• **Input records**:

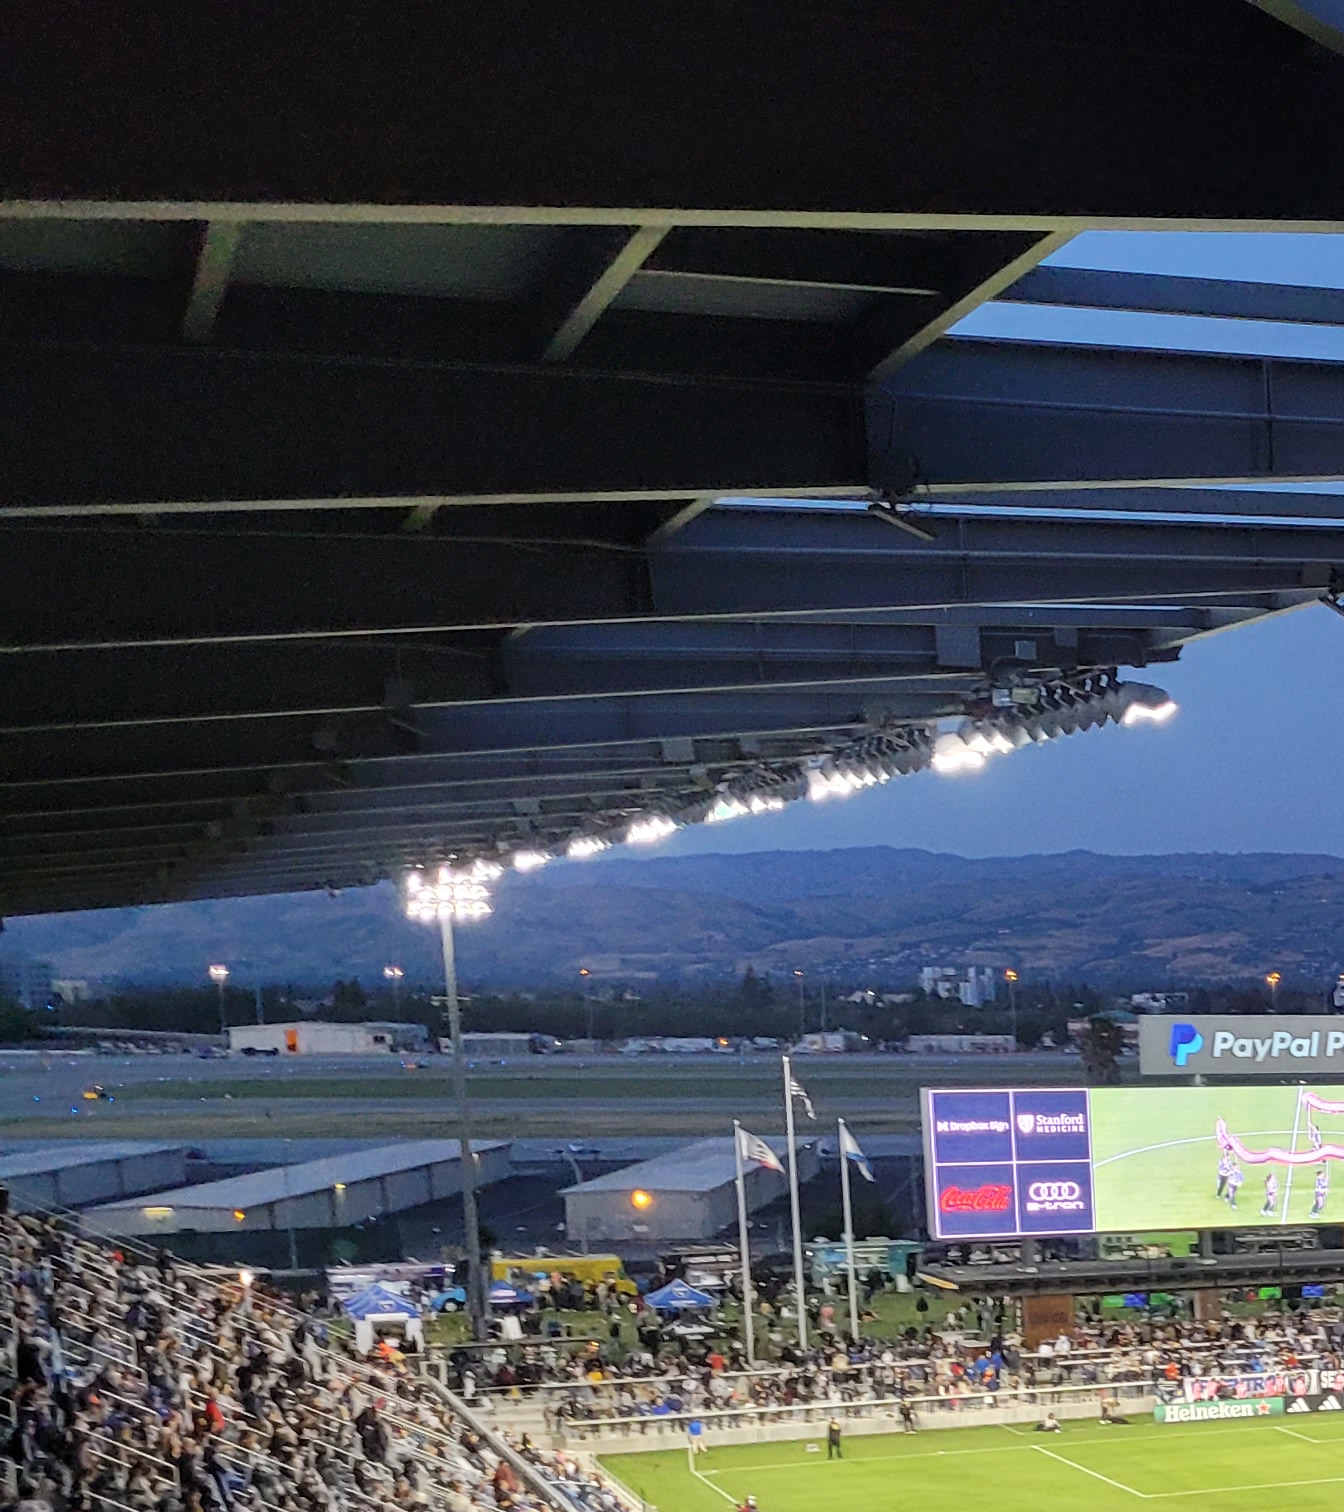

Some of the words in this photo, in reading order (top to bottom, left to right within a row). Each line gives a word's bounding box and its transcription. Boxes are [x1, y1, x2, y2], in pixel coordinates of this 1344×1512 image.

[1213, 1030, 1319, 1062] PayPal
[1036, 1113, 1084, 1125] Stanford
[950, 1121, 989, 1133] Dropbox
[989, 1121, 1010, 1133] Sign
[1036, 1125, 1086, 1133] MEDICINE
[1027, 1201, 1085, 1211] e-tron
[1164, 1402, 1254, 1423] Heineken
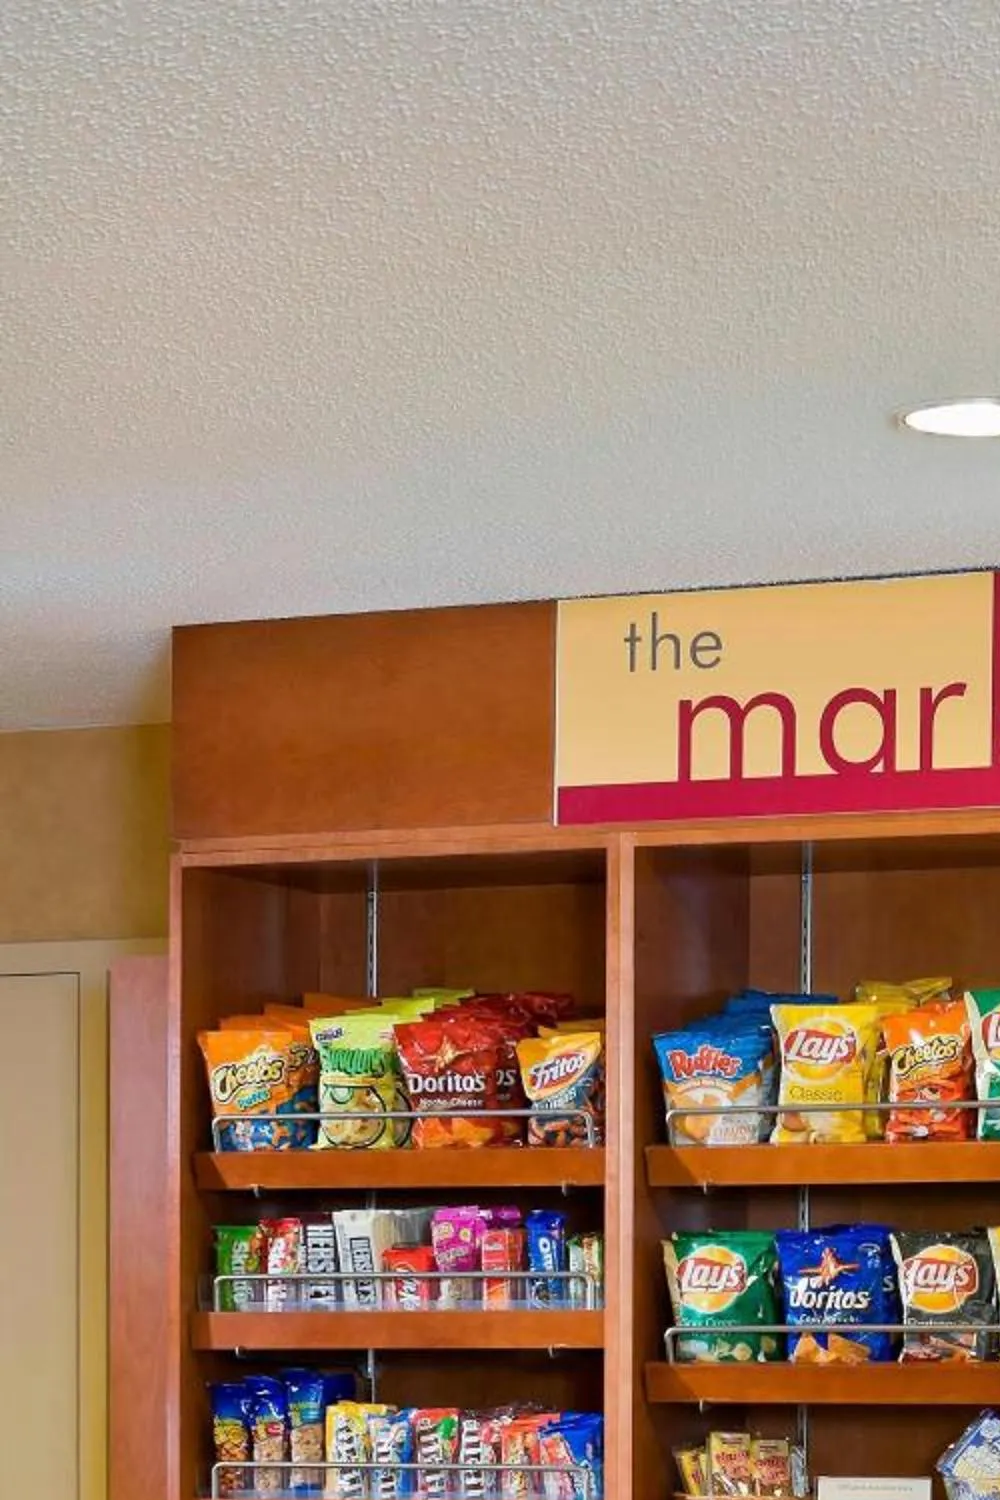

• **Problem details**: Reproduce the whole listing above word for word, but not its pictures.

• **Problem solution**:
Some of the words in this photo, in reading order (top to bottom, left to right within a row). Each line gives a word's bounding box and its transcription. Boxes are [x1, y1, x2, y2], in pixel coordinates of this 1344×1512 image.

[1213, 1030, 1319, 1062] PayPal
[1036, 1113, 1084, 1125] Stanford
[950, 1121, 989, 1133] Dropbox
[989, 1121, 1010, 1133] Sign
[1036, 1125, 1086, 1133] MEDICINE
[1027, 1201, 1085, 1211] e-tron
[1164, 1402, 1254, 1423] Heineken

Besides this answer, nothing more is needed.